**Task item**: What you write should be the line containing "this 1280×1280 image." followed by every line after it to the end of the listing, exactly as given, and nothing more.

**Exercise inputs**:
++++++++++++++++++++
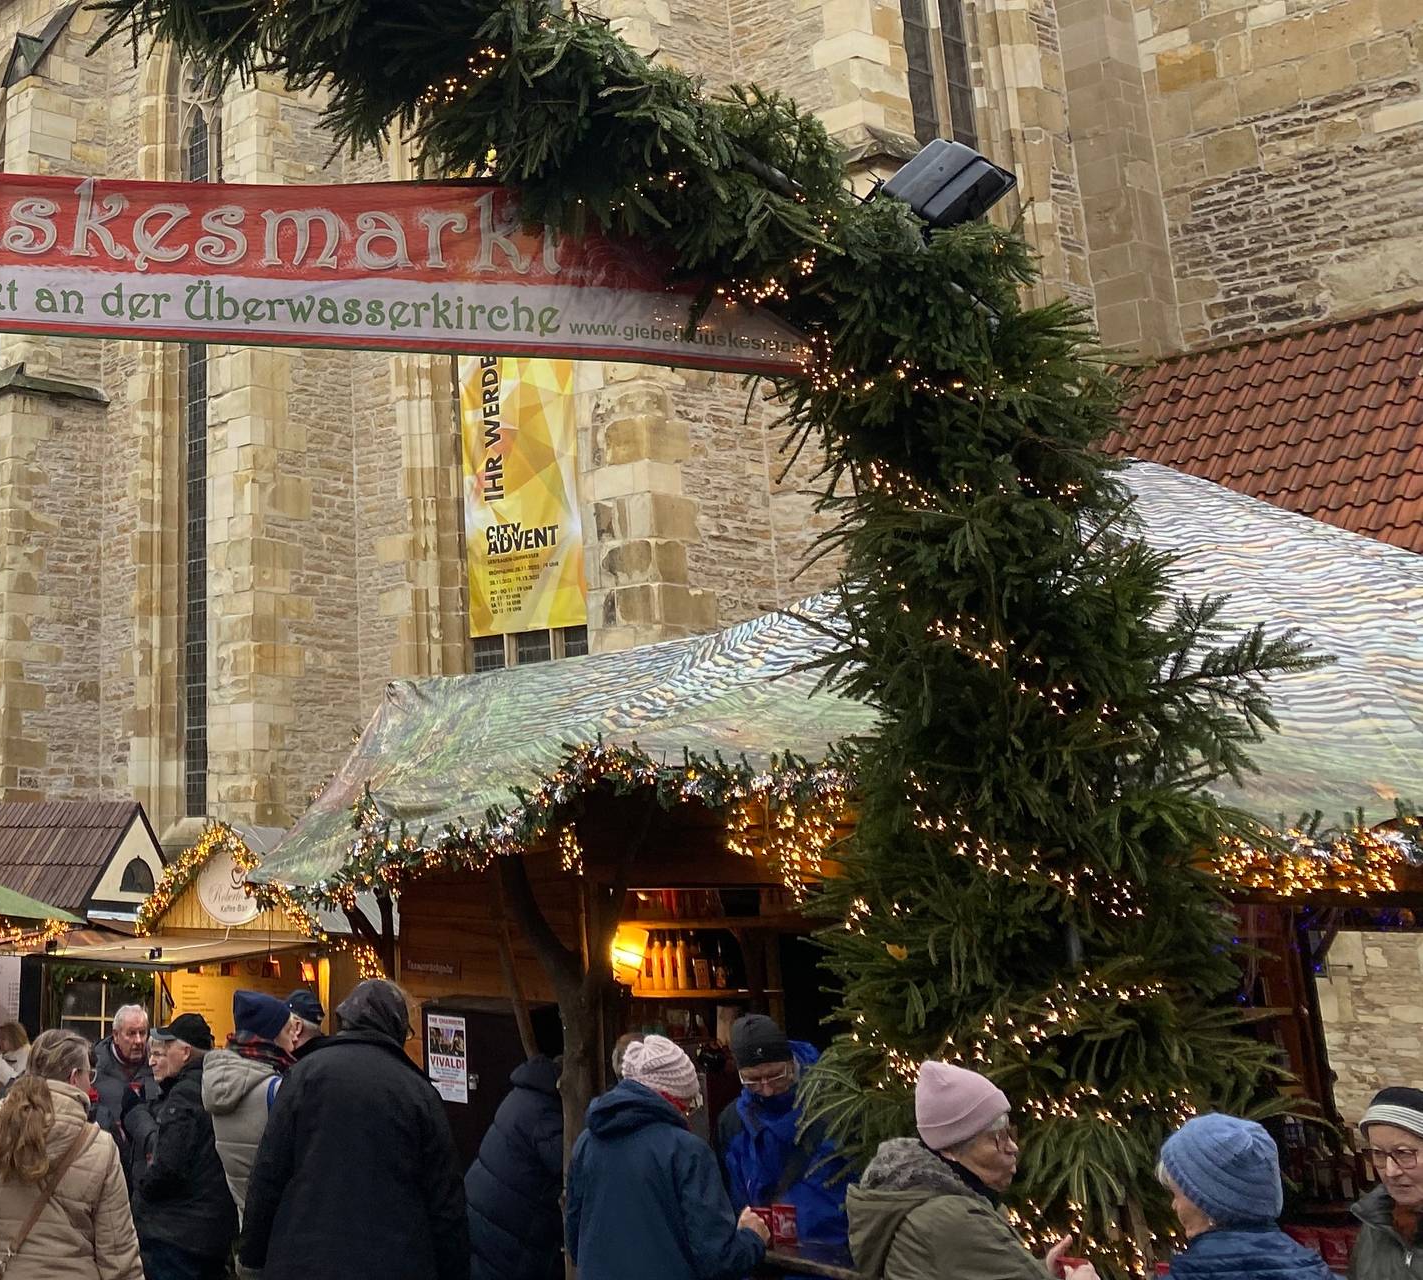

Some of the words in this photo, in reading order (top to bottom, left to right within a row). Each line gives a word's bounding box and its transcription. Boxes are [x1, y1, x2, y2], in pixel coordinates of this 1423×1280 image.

[34, 285, 85, 316] an
[100, 282, 172, 322] der
[184, 279, 562, 337] Überwasserkirche
[484, 454, 505, 501] IHR
[486, 522, 521, 543] CITY
[487, 524, 559, 555] ADVENT
[430, 1055, 465, 1071] VIVALDI
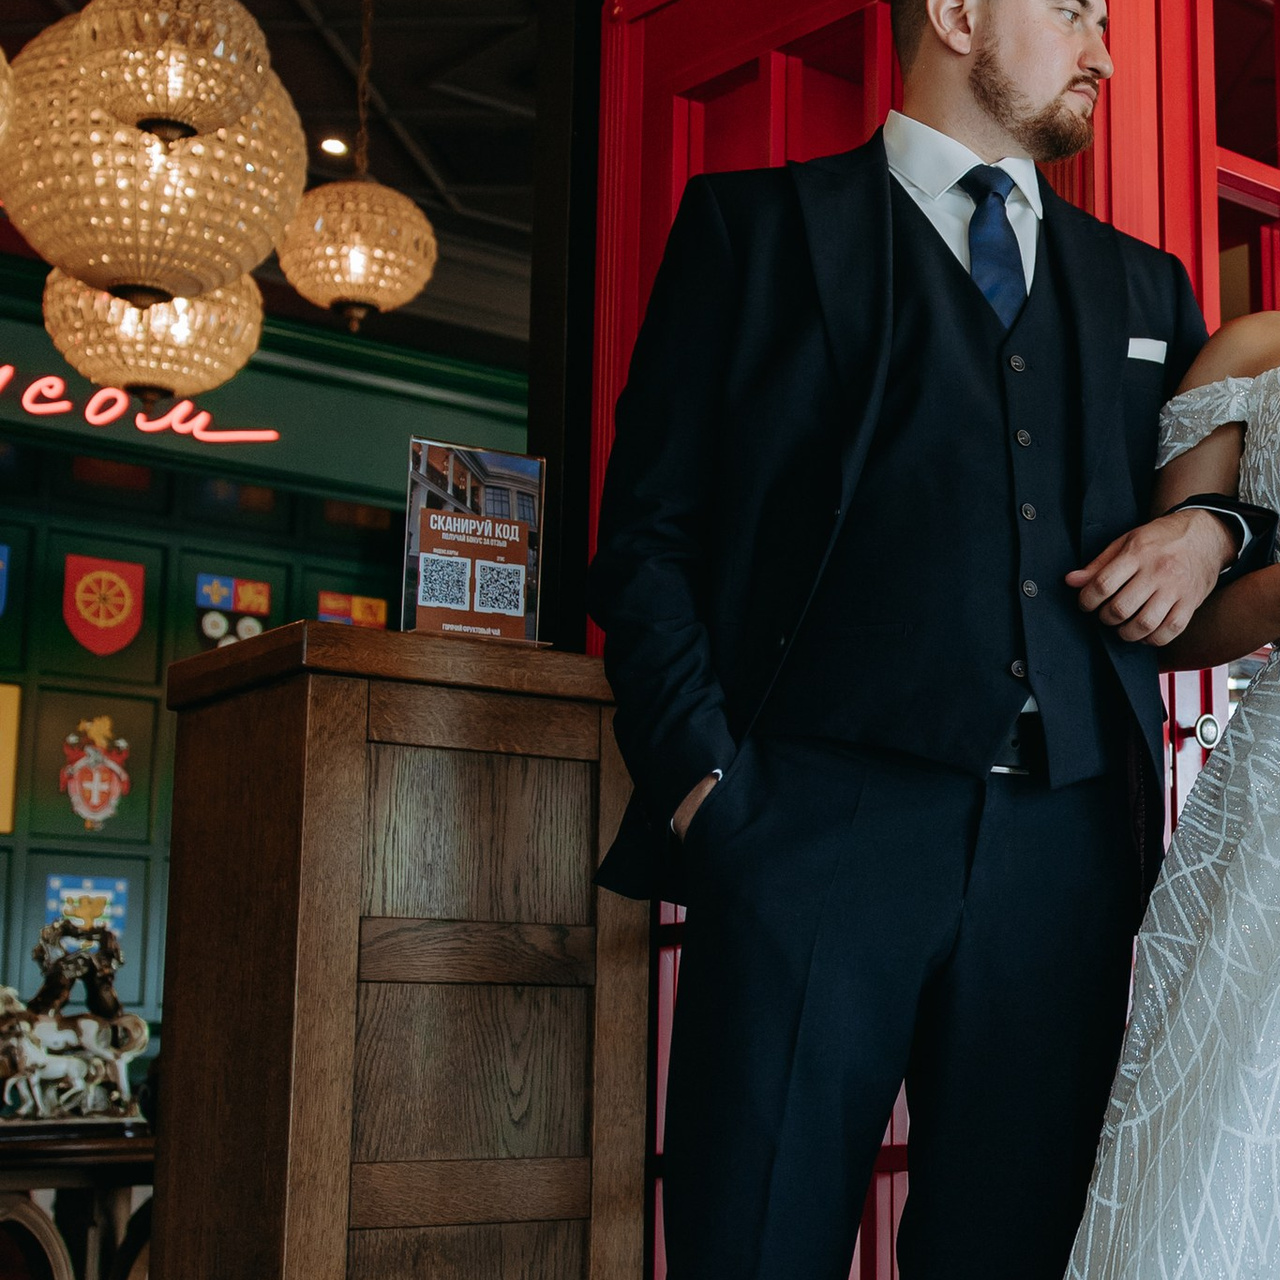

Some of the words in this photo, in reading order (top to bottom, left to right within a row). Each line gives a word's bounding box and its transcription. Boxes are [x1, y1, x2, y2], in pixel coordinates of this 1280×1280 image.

[430, 514, 493, 537] СКАНИРУЙ
[495, 523, 520, 542] КОД
[466, 535, 483, 545] БОНУС
++++++++++++++++++++
**Answer to this task**:
Some of the words in this photo, in reading order (top to bottom, left to right within a row). Each line gives a word's bounding box and its transcription. Boxes are [x1, y1, x2, y2], in pixel coordinates of this 1280×1280 image.

[430, 514, 493, 537] СКАНИРУЙ
[495, 523, 520, 542] КОД
[466, 535, 483, 545] БОНУС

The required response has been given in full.